Reviews

Peechankai Movie Review

A killer premise that should have resulted in a way-funnier film

Baradwaj Rangan

Language: Tamil

Director: Ashok

Cast: R.S. Karthik, Anjali Rao, M.S. Bhaskar, Vivek Prasanna

I seem to be seeing Bresson everywhere. A couple of weeks back, we had Oru Kidayin Karunai Manu, where the donkey from Au Hasard Balthazar appeared to have reincarnated as a goat in southern Tamil Nadu, and now we have Peechankai (Left Hand), a film about a pickpocket. But unlike Oru Kidayin, there's no resemblance other than the protagonist's (played by RS Karthik) chosen profession. The film is actually a cheerful Soodhu Kavvum-type mix: black comedy plus slapstick thriller plus a dozen other "quirky" genre elements, played out between a dozen "quirky" characters. The quotes are to illustrate the difference between the movie in the director's head and the one on screen.

Early on, S Muthu (he's the protagonist, and the initial is essential; it allows a play on the name, as people call him Smooth-u) returns a wallet that falls from a man's pocket. Why would he not hold on to it? He does, after all, pick pockets for a living. Ah, but he didn't pick this pocket. This wallet is not the fruit of hard labour. The man thanks him, walks away, and then S Muthu picks his pocket. Even a thief, apparently, lives by principles. Peechankai could have used more humour in this flavour, but this flavour of humour merely makes us smile while the director, Ashok, wants to make us laugh.

The film is actually a cheerful Soodhu Kavvum-type mix: black comedy plus slapstick thriller plus a dozen other "quirky" genre elements, played out between a dozen "quirky" characters.

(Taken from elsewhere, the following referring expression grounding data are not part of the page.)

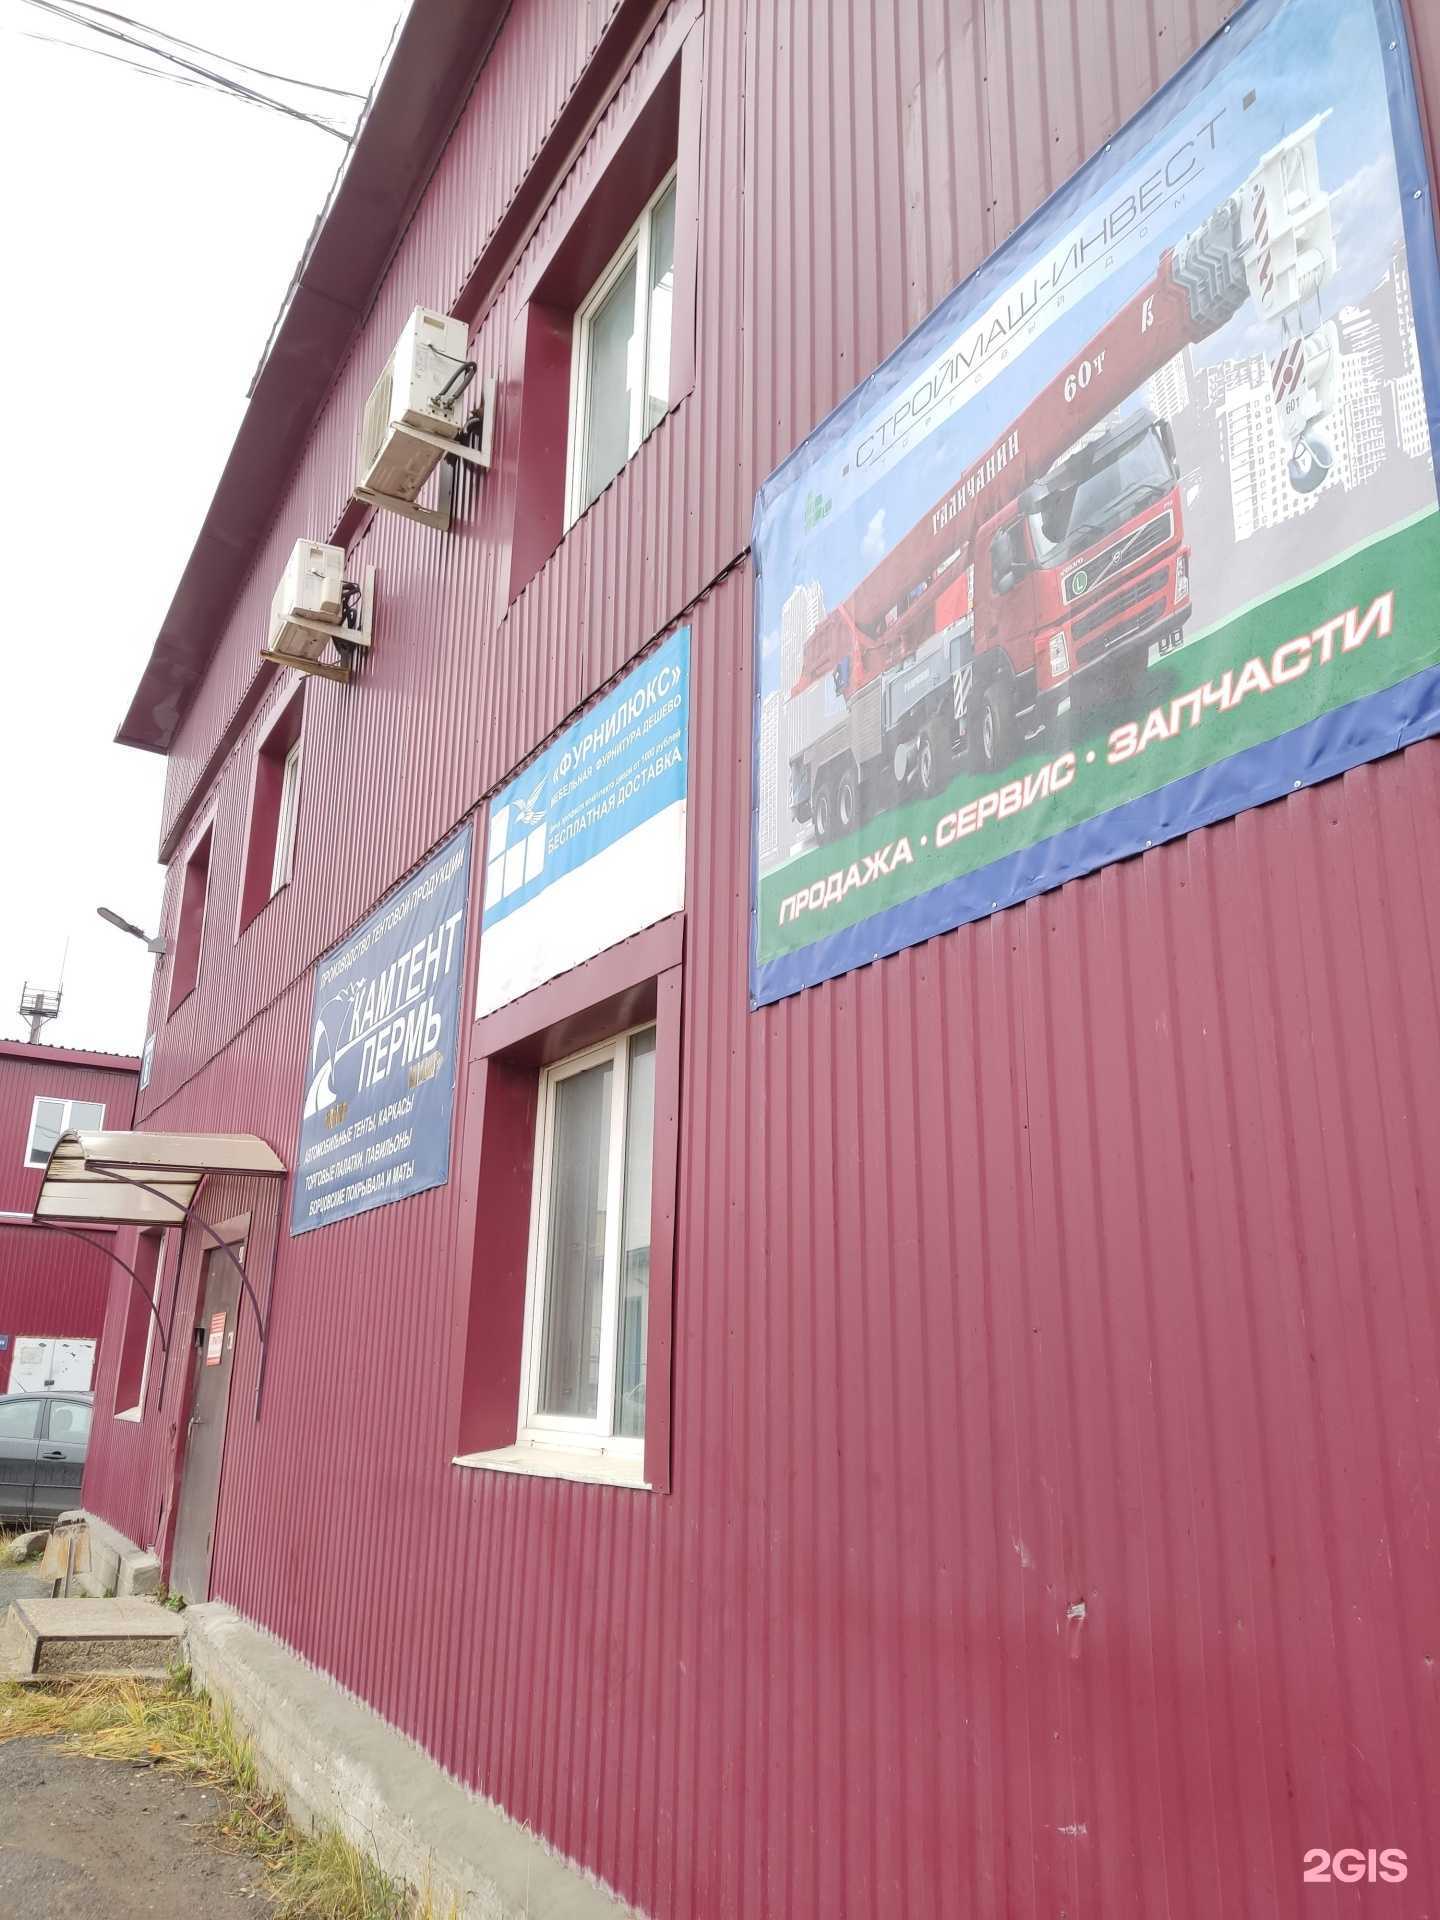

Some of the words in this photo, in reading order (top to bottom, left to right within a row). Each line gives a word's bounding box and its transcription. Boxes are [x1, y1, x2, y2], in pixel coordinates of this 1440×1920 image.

[856, 107, 1227, 468] СТРОЙМАШ-ИНВЕСТ
[642, 694, 682, 737] ДЕШЕВО
[778, 837, 914, 926] ПРОДАЖА
[935, 752, 1077, 848] СЕРВИС
[1106, 590, 1395, 765] ЗАПЧАСТИ
[548, 793, 616, 855] БЕСПЛАТНАЯ
[617, 746, 682, 806] ДОСТАВКА
[411, 847, 465, 909] ПРОДУКЦИИ
[349, 909, 463, 1042] КАМТЕНТ
[358, 996, 442, 1094] ПЕРМЬ
[365, 1127, 413, 1167] ПАВИЛЬОНЫ
[377, 1094, 415, 1127] КАРКАСЫ

The quotes are to illustrate the difference between the movie in the director's head and the one on screen.

The big USP is a condition known as  Alien Hand Syndrome, in which (according to Wiki), "a person experiences their limbs acting seemingly on their own, without control over the actions." Imagine the possibilities with a Charlie Chaplin, a Jim Carrey, a Nagesh: an accomplished physical comedian. Karthik isn't much of one, but more importantly, he doesn't get much help from the script, which is content to use this condition as an excuse to have S Muthu beating people up and then saying sorry. Why not use this USP in, say, the romantic track with Abirami (Anjali)? Then again, this isn't much of a track. It comes and goes.

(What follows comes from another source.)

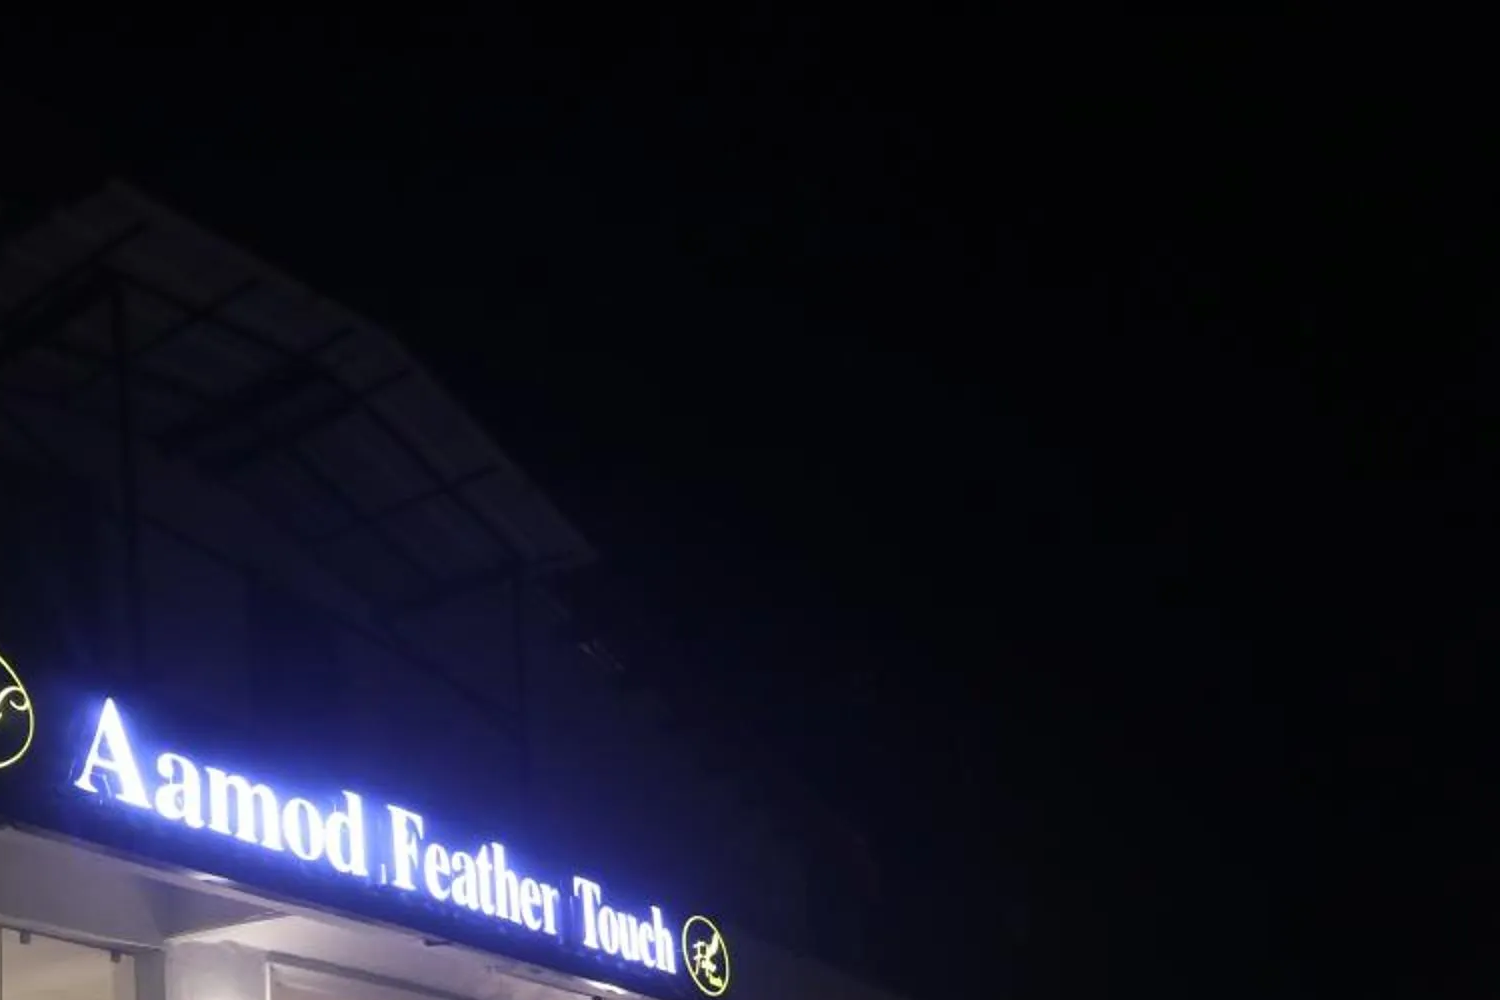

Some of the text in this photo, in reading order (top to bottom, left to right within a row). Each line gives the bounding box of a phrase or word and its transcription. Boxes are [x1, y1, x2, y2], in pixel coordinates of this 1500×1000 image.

[73, 697, 369, 876] Aamod
[387, 803, 560, 936] Feather
[573, 875, 677, 975] Touch

The film is hit-and-miss. The director can certainly think out of the box. There's a killer masturbation joke, and it's not just a line but the payoff in a sequence that can only be described as a "men's room heist." A lot of the gags are elaborately thought through and sound wonderful on paper, like the newscasters who assume an emotion appropriate to the news they are reading out. But these gags don't explode on screen. There's a lot of dead air (the long, long kidnap scene, for instance), and the execution is sometimes a beat or two off. And too often, we are invited to laugh at lame wordplay, especially with a gang whose members misconstrue "bro" as "bra," "Android" as "undraayar" (underwear). A film with this premise should have been way funnier.